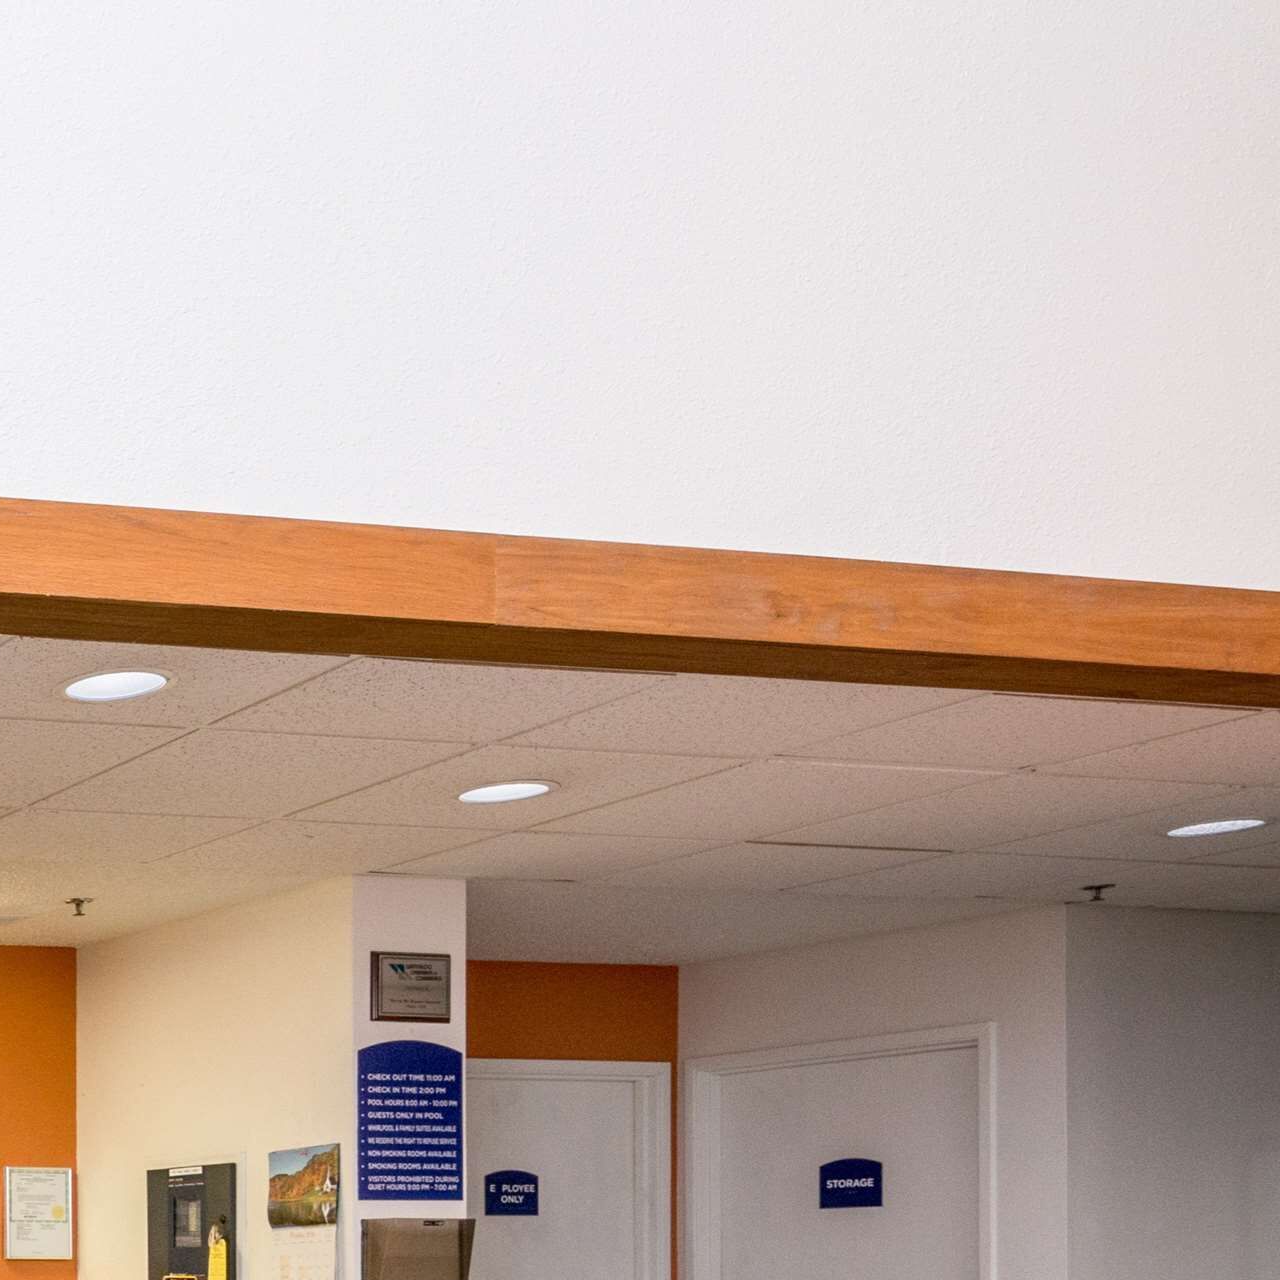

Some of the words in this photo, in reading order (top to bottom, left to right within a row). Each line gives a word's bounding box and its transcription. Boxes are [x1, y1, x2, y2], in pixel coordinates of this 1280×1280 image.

[408, 1074, 425, 1082] TIME
[426, 1074, 442, 1082] 11:00
[444, 1074, 456, 1082] AM
[368, 1086, 391, 1094] CHECK
[424, 1112, 444, 1120] POOL
[368, 1124, 394, 1132] WHIRLPOOL
[428, 1150, 456, 1158] AVAILABLE
[826, 1178, 874, 1189] STORAGE
[500, 1195, 524, 1203] ONLY

### Required work
Transcribe all the data word for word; the images stay out.

### Task solution
Some of the words in this photo, in reading order (top to bottom, left to right within a row). Each line gives a word's bounding box and its transcription. Boxes are [x1, y1, x2, y2], in pixel coordinates of this 1280×1280 image.

[408, 1074, 425, 1082] TIME
[426, 1074, 442, 1082] 11:00
[444, 1074, 456, 1082] AM
[368, 1086, 391, 1094] CHECK
[424, 1112, 444, 1120] POOL
[368, 1124, 394, 1132] WHIRLPOOL
[428, 1150, 456, 1158] AVAILABLE
[826, 1178, 874, 1189] STORAGE
[500, 1195, 524, 1203] ONLY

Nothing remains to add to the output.